Early postoperative complications were observed in 12 (19.1%) patients, with the highest incidence among those with localized tumors (5; 38.5%), compared to regionally advanced (5; 23.8%) and metastatic tumors (2; 6.9%). Postoperative mortality occurred in 2 (3.2%) patients, both with locally advanced neoplasms after pancreaticoduodenectomy. These results align with published data on the treatment of GI-NENs. Works in the literature report postoperative morbidity rates between 5.8% and 7.9%, and mortality rates ranging from 0.5% to 2% [
50,
51,
52]. For localized or regionally advanced tumors, morbidity rates vary between 0% and 39%, while mortality rates range from 0% to 6.9% [
52,
53]. In our study, the independent predictive factor for postoperative complications was patient gender (male gender,
p = 0.04, OR = 6.2, 95% CI = 1.1–35.5). Al-Taki et al. also identified gender as a predictive factor for postoperative complications, with female gender associated with a lower risk (
p < 0.001, OR = 0.7, 95% CI = 0.69–0.71) [
38]. This suggests that women may have a lower risk of postoperative complications compared to men. The observed gender differences in preoperative risk factors might be related to males’ tendency to engage less frequently with primary healthcare services, resulting in later-stage surgical interventions. Studies from Canada, the United States, and the United Kingdom have noted that males utilize primary healthcare services less often than females [
49,
50,
51,
52,
53].
The main limitations of this study include its retrospective design and the fact that it was conducted at a single medical center. The small cohort size may limit the statistical power of the study and affect the robustness of the conclusions drawn. Additionally, the low number of hindgut tumors in the cohort may not provide a comprehensive representation of this tumor type, potentially affecting the generalizability of the findings.

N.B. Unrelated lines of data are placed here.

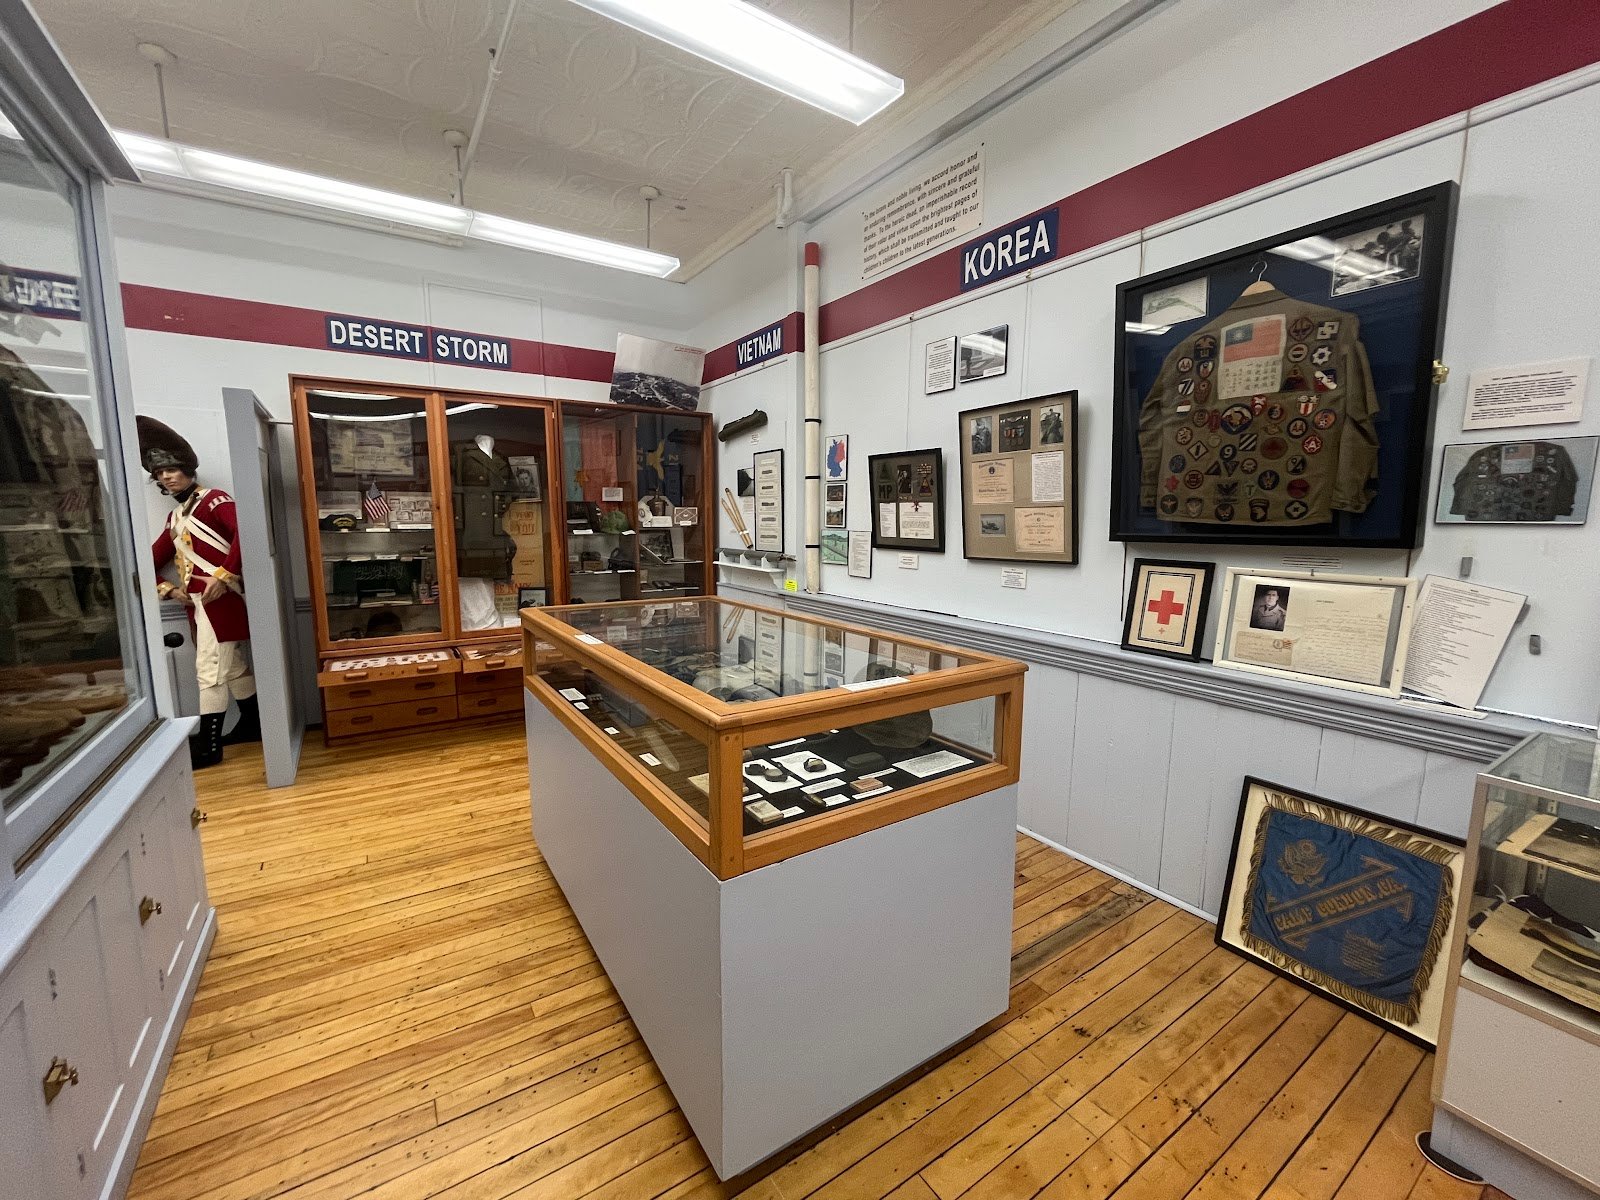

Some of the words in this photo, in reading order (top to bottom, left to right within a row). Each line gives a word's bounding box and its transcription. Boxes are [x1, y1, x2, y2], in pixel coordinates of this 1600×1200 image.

[918, 192, 926, 202] with
[928, 182, 946, 196] sincere
[948, 174, 958, 186] and
[958, 162, 980, 182] grateful
[932, 166, 948, 182] accord
[950, 160, 966, 172] honor
[966, 151, 978, 164] and
[910, 218, 920, 228] upon
[930, 202, 953, 218] brightest
[954, 194, 970, 208] pages
[972, 188, 978, 198] of
[926, 188, 958, 208] imperishable
[960, 176, 978, 192] record
[908, 223, 934, 241] transmitted
[934, 218, 944, 228] and
[944, 210, 962, 224] taught
[962, 208, 968, 216] to
[970, 202, 980, 212] our
[912, 238, 926, 250] latest
[964, 220, 1050, 284] KOREA
[330, 320, 424, 354] DESERT
[436, 334, 508, 364] STORM
[738, 328, 781, 364] VIETNAM
[1224, 446, 1233, 458] 9

The study also lacked a control group, which restricts the ability to compare outcomes against a non-treatment or alternative treatment group, and thereby limits the assessment of the relative efficacy of the interventions used. Furthermore, selection bias may be present due to the study being conducted at a single institution, which might not reflect the broader population of patients with neuroendocrine tumors. The impact of the COVID-19 pandemic, which resulted in limited access to medical care, could have delayed diagnoses for patients between 2020 and 2022, potentially leading to more advanced tumor stages and influencing the overall outcomes. These factors combined—small sample size, single-center design, lack of a control group, and pandemic-related delays—must be considered when interpreting the results and their applicability to other settings or broader populations.

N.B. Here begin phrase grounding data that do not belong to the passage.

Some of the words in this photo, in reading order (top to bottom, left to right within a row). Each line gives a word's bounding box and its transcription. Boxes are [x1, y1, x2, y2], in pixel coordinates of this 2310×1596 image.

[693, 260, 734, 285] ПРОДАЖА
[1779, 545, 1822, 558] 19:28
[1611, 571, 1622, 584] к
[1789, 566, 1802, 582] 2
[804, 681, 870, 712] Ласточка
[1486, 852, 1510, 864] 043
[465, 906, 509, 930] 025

Nonetheless, this study provides a comprehensive analysis of surgical outcomes and complications associated with GI-NENs in a well-defined cohort. One of its key strengths is the detailed examination of both intraoperative and postoperative complications, offering valuable insights into the surgical management of GI-NENs. The study’s inclusion of a wide range of clinical and pathological parameters enhances the robustness of the findings, allowing for a nuanced understanding of factors influencing surgical outcomes. Additionally, the use of rigorous statistical analyses, including both univariate and multivariate logistic regression, strengthens the validity of the predictive factors identified for postoperative complications. The high rate of R0 resections and the thorough reporting of hormonal and tumor marker levels contribute to a detailed characterization of the disease. Despite the study’s single-center nature, the data collected from a large cohort over an extended period provides a solid foundation for evaluating surgical strategies and outcomes in GI-NENs, thereby advancing the current understanding in this field.